Schlüsselwörter

Knochenplastiken einer Kieferspalte können primär, sekundär oder tertiär durchgeführt werden. Wenn die Transplantation in der frühen Kindheit durchgeführt wird, wird die Osteoplastik als primär eingestuft. Der aktuelle „Stand der Technik” ist die sekundäre Knochentransplantation in der Wechselgebissphase – normalerweise zwischen dem 9. und 12. Lebensjahr. Die sekundäre Osteoplastik findet vor dem vollständigen Durchbruch des permanenten Eckzahns auf der Spaltseite statt. Dies soll in der Folge den Zahndurchbruch des Eckzahnes durch den transplantierten Knochen ermöglichen (Murthy und Lehman 2005; Weissler et al. 2016). Tertiäre oder späte Osteoplastiken werden in der permanenten Dentition durchgeführt, meist um eine knöcherne Basis für eine implantatgetragene prothetische Rehabilitation zu generieren. Obwohl Knochenersatzmaterialien bereits klinisch für die Kieferspaltosteoplastik eingesetzt wurden, haben sich autologe kortikospongiöse Knochentransplantate aus der Beckenkammregion als die beste Option erwiesen (Weissler et al. 2016; Guo et al. 2011).

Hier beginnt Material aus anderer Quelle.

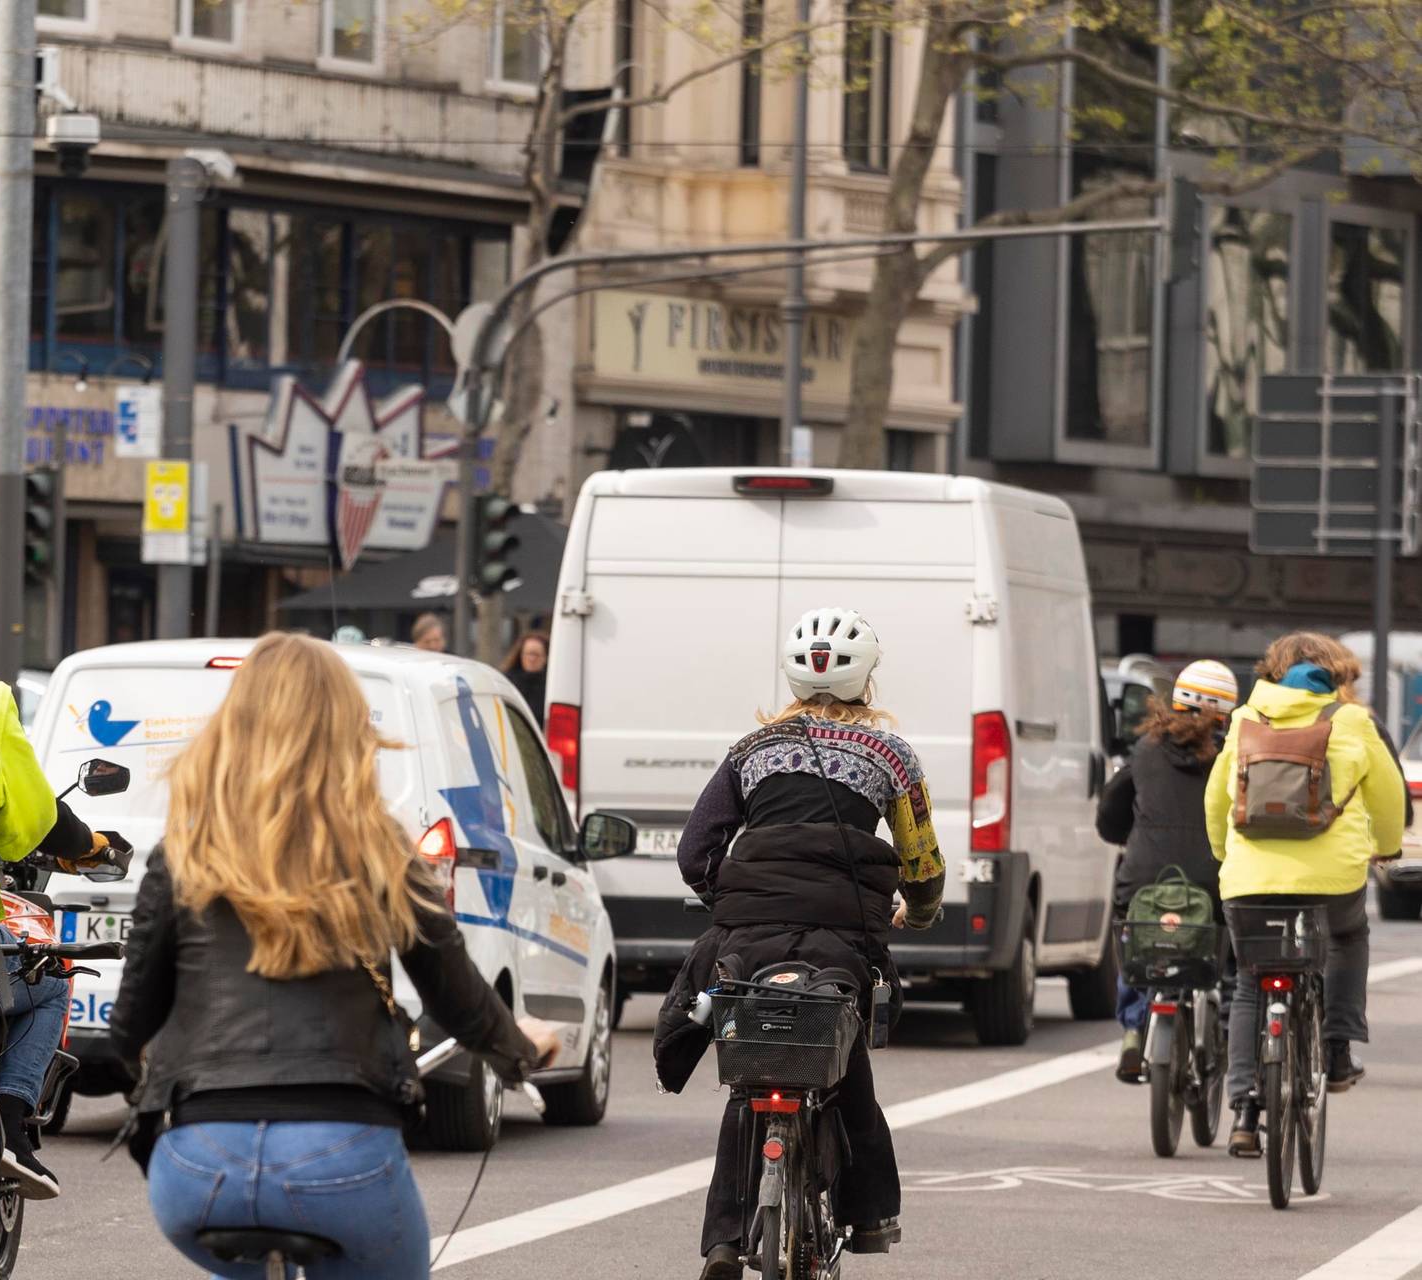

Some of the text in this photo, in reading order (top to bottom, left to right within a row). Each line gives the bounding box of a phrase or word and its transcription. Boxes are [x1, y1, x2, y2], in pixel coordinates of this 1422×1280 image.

[624, 758, 716, 769] DUCATO
[86, 916, 104, 941] K
[70, 993, 115, 1024] ele

Die Ziele der sekundären Kieferspaltosteoplastik sind:

  • Schaffung von Knochen für den Durchbruch der Zähne auf der Spaltseite, v.a. des Eckzahnes.

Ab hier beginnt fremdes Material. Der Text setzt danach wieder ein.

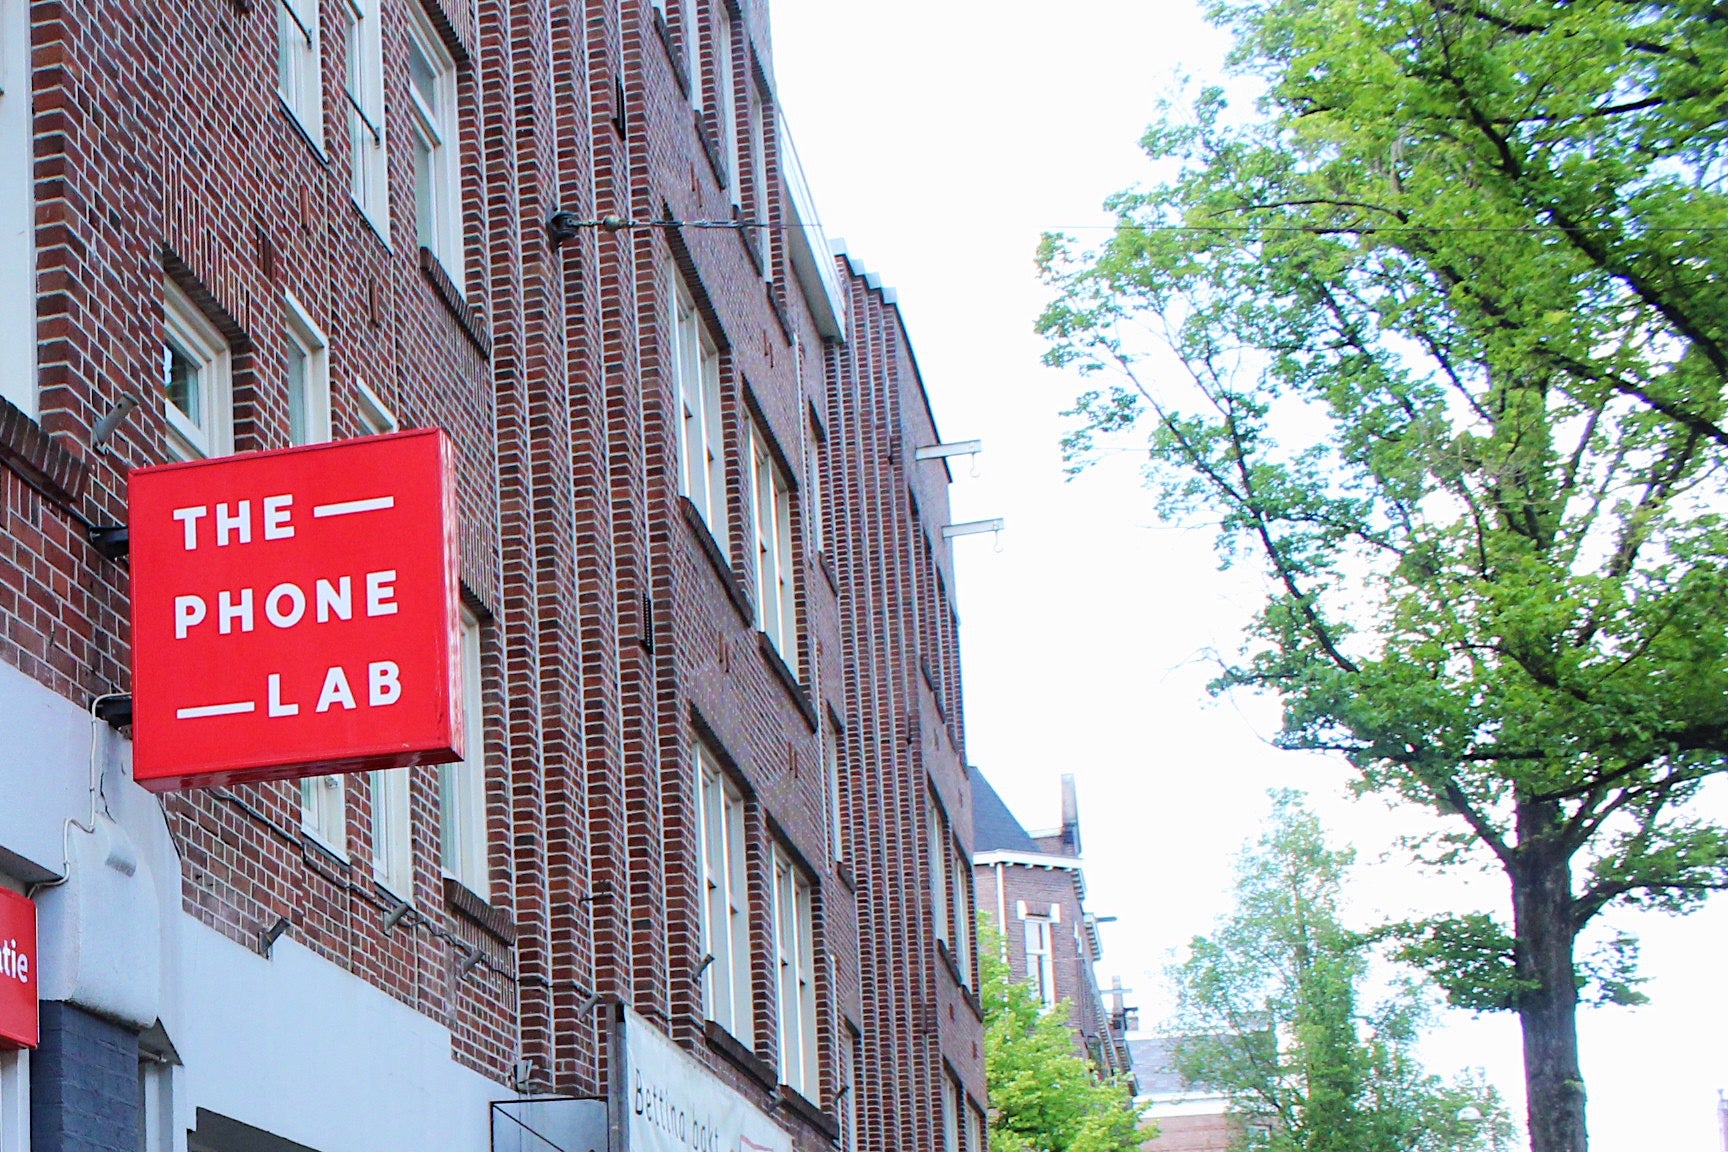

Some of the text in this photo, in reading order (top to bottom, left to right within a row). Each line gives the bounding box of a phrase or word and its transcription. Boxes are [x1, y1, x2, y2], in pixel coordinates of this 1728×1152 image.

[173, 494, 295, 550] THE
[174, 569, 399, 639] PHONE
[267, 660, 403, 718] LAB
[635, 1067, 686, 1143] Bettina

  • Stabilisierung der (intermediären) Kiefersegmente und Verhinderung des Kollapses.

  • Ermöglichen einer nachhaltigen kieferorthopädischen Therapie.

  • Schaffung einer knöchernen Kontinuität des Alveolarfortsatzes für die dentoalveoläre Rehabilitation.

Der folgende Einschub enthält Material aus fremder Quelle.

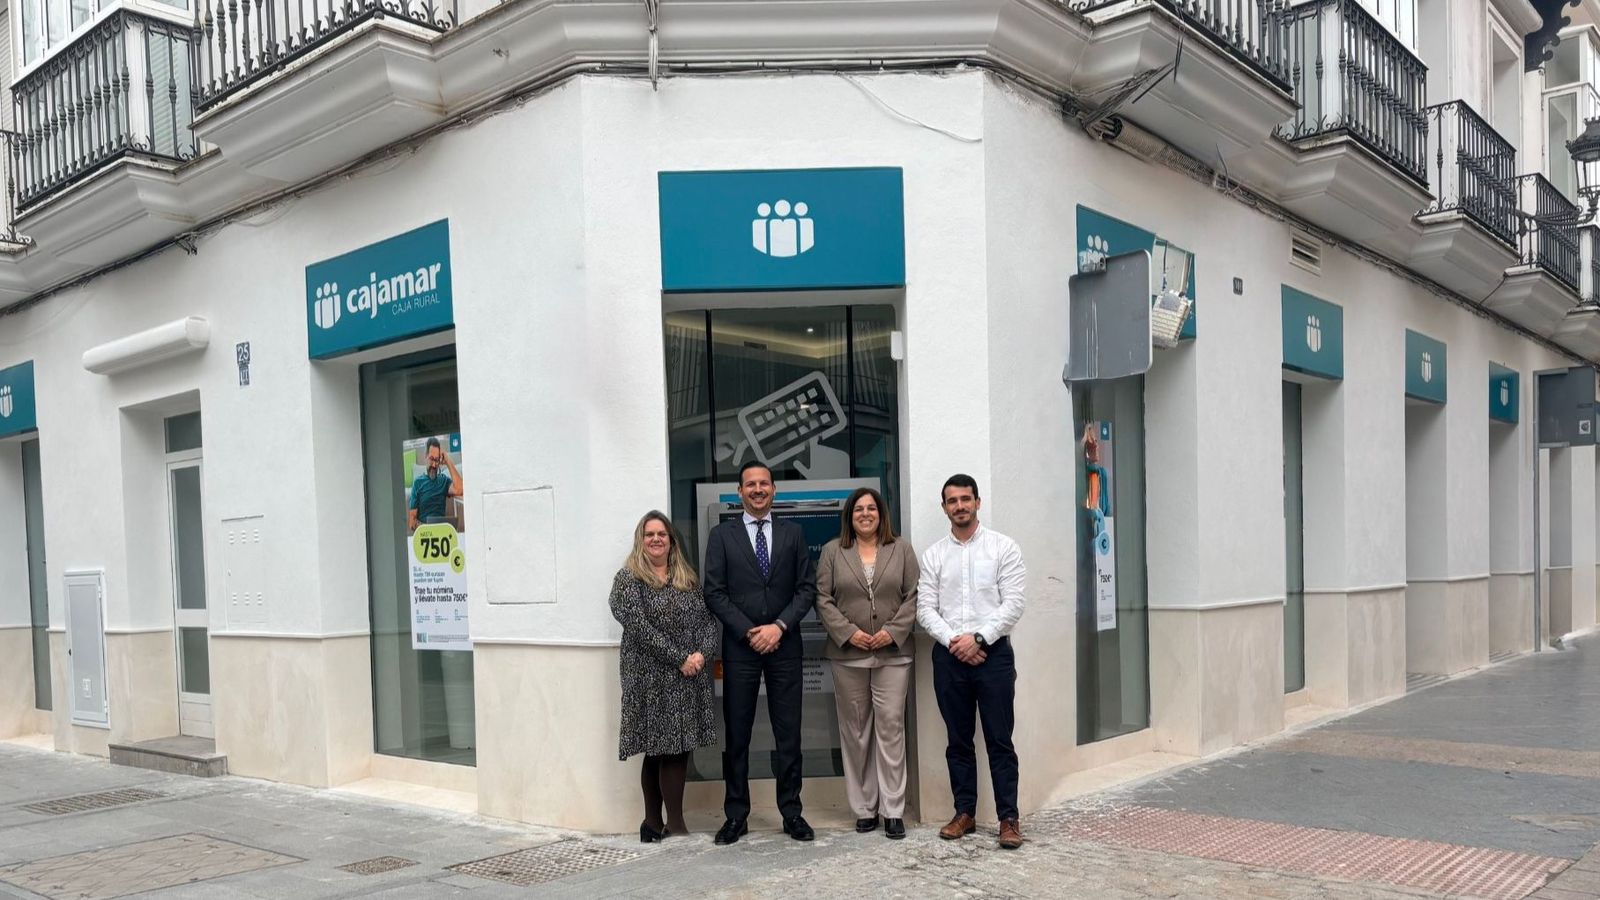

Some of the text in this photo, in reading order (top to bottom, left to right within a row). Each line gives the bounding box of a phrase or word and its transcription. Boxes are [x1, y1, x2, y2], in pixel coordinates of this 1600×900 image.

[346, 262, 441, 318] cajamar
[391, 294, 440, 316] CAJA RURAL
[237, 344, 250, 361] 25
[454, 556, 461, 567] €
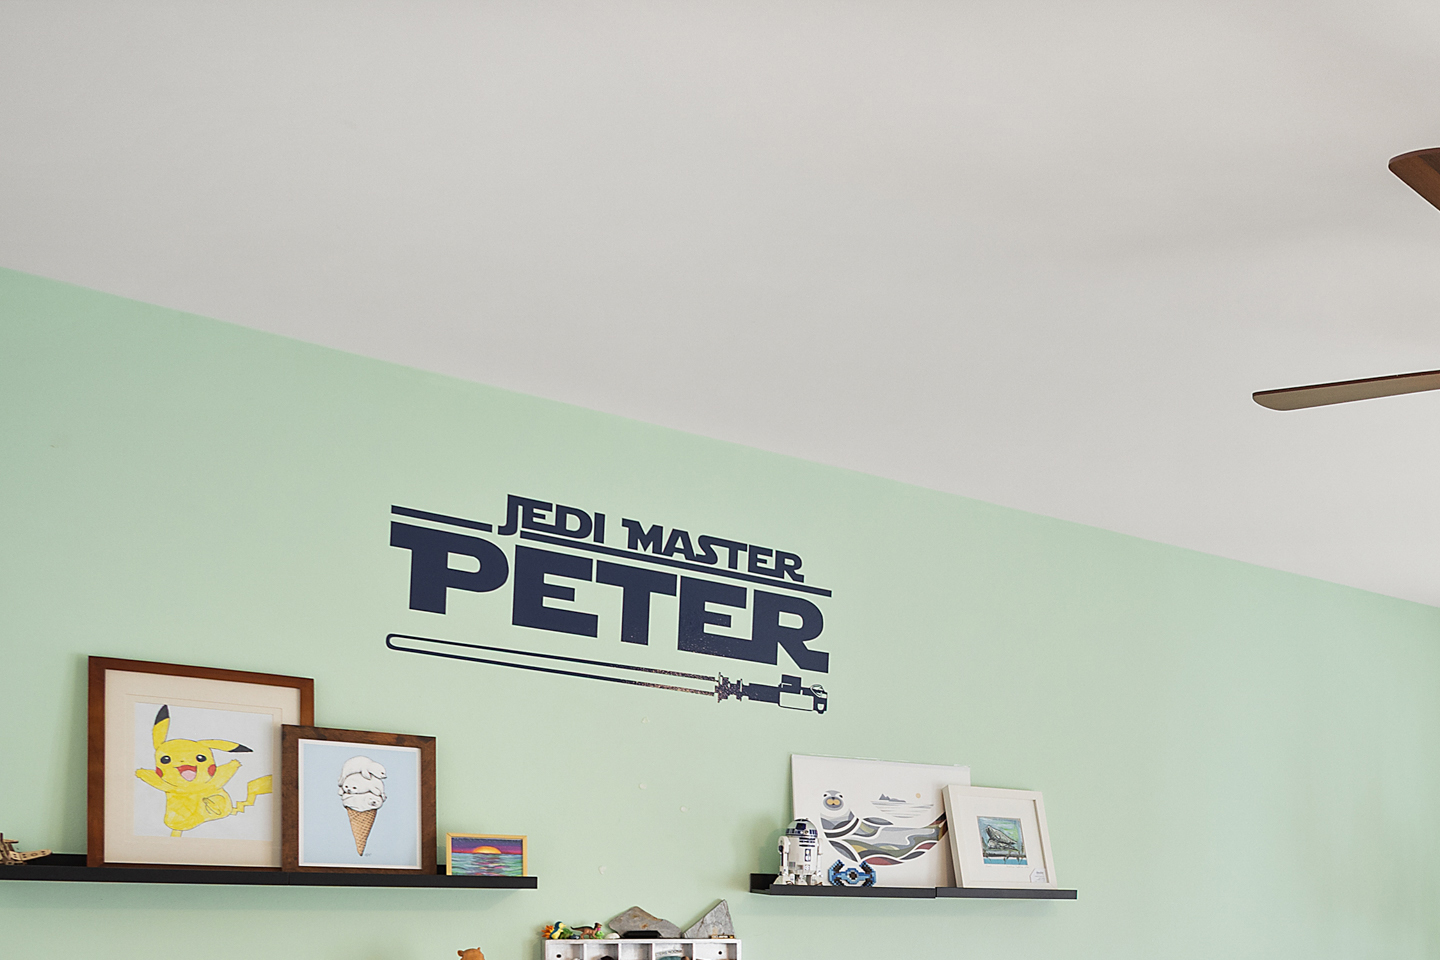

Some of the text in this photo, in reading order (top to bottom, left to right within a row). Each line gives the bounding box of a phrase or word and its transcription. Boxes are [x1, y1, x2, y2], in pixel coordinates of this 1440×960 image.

[389, 520, 830, 674] PETER
[498, 493, 805, 583] JEDI MASTER

  • Herstellung von Symmetrie im maxillofazialen Bereich.

  • Beseitigung oronasaler Fisteln.

  • Verbesserung der Ästhetik.

  • Verbesserung der Sprache (Weissler et al. 2016; McCrary und Skirko 2021).

Einige Aspekte des chirurgischen Verfahrens verdienen besondere Aufmerksamkeit. Das Weichgewebsmanagement für eine ausreichende Abdeckung des Knochentransplantats spielt eine wichtige Rolle. Ein spannungsfreier Verschluss sollte erreicht und eine Verkürzung des Vestibulums durch gezielte Schnittführung oder sorgfältige Auswahl des Weichgewebetransplantats vermieden werden. Bei bilateralen breiten Spalten wird aufgrund des Weichgewebedefizits ein zweistufiger Verschluss – eine Seite nach der anderen mit einem Mindestintervall von drei Monaten – empfohlen. Vor Einbringung eines Knochentransplantates sollte – falls kein suffizienter weichteiliger Abschluss zur Nasenhaupthöhle besteht – der Nasenboden mit einer lokalen Mukosaplastik verschlossen werden.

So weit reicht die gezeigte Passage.